# How much is Merengue worth?



## Roseology (Aug 18, 2014)

I really need some bells, so if I were to sell her, what do you think is the lowest and highest she could go for? Thanks


----------



## Hyperpesta (Aug 18, 2014)

She could go anywhere up to 40mill. You could hold an auction and make that the buyout<


----------



## Kennedy-kins (Aug 18, 2014)

I've seen her go for 50mil. But it's your choice as to your buyout.


----------



## Mullac1128 (Aug 19, 2014)

Depends on who's buying her.
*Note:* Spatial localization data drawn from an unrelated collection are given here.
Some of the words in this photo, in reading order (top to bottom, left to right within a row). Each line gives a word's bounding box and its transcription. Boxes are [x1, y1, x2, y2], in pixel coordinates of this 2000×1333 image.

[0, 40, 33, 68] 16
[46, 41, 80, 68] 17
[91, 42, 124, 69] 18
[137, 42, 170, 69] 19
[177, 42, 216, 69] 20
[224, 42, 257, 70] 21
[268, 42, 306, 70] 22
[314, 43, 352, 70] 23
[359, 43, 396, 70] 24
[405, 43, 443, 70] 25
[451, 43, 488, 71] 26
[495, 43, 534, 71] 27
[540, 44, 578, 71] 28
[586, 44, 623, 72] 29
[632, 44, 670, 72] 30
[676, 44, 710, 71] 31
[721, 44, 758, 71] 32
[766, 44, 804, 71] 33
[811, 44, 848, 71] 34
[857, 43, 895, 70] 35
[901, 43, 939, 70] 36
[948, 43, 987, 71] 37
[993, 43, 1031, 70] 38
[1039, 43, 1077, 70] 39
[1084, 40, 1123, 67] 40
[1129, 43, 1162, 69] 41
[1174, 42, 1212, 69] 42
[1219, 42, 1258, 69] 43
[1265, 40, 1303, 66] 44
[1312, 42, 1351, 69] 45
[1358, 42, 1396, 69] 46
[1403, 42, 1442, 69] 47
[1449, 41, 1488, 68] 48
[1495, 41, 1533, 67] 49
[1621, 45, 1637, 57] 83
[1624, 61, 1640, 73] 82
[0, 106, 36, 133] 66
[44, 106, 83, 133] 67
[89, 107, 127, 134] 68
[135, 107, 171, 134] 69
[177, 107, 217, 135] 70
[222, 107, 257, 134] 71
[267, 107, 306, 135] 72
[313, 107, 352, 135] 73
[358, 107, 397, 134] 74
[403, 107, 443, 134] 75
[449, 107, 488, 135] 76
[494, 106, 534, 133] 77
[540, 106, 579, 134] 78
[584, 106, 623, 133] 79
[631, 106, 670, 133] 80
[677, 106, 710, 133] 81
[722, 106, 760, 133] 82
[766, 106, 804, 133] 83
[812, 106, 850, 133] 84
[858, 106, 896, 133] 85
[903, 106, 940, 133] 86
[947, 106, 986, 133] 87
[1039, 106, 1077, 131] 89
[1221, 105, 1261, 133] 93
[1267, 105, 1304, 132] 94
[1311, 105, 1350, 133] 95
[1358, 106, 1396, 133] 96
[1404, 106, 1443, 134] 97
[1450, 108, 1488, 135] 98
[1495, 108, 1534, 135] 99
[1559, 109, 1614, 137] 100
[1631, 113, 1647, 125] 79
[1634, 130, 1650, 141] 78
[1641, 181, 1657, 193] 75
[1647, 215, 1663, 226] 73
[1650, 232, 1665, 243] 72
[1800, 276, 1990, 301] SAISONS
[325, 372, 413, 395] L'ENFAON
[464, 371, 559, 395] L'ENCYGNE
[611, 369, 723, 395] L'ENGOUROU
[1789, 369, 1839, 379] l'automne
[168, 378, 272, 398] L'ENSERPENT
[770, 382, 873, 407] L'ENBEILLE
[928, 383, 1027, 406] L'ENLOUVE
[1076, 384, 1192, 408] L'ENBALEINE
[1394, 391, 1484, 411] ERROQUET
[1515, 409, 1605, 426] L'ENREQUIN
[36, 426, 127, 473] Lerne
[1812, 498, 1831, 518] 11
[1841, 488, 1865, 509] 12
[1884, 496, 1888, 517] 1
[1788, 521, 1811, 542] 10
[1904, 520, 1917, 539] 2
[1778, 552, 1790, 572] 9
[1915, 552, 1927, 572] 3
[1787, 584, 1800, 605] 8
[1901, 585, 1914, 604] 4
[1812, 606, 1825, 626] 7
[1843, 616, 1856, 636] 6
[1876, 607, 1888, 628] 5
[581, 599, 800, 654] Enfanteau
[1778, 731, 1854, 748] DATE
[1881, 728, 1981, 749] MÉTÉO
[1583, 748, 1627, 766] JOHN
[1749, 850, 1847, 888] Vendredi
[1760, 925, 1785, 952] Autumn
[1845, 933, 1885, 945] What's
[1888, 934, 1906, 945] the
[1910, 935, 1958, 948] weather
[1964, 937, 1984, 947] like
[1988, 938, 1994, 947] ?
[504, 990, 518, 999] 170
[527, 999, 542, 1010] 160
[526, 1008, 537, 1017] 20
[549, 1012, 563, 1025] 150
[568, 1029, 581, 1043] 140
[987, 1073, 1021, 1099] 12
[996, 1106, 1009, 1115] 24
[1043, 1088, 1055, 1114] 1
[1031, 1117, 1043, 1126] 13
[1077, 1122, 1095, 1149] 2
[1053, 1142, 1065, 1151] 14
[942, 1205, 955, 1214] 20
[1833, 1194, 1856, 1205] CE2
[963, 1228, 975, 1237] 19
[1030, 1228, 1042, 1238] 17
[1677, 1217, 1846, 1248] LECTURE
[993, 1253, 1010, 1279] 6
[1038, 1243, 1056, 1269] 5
On average, she goes for 30-40 million, sometimes going up to 50-60 million, and rarely going down to 20-30 million.


----------



## Guero101 (Aug 19, 2014)

How much is she worth in tbt bells?


----------



## MC4pros (Aug 19, 2014)

Guero101 said:


> How much is she worth in tbt bells?



About 1-2k, I believe. c:


----------



## Spongebob (Aug 19, 2014)

0 bells


----------



## ririchan.01 (Aug 20, 2014)

30-40 mil in game bells, but I'm not sure for tbt bells though


----------



## spCrossing (Aug 20, 2014)

A lot.
Which is sad actually.
I would use that money to buy off most of my house upgrades rather than pay for a villager that I find overrated.


----------



## Roseology (Aug 20, 2014)

lol same


----------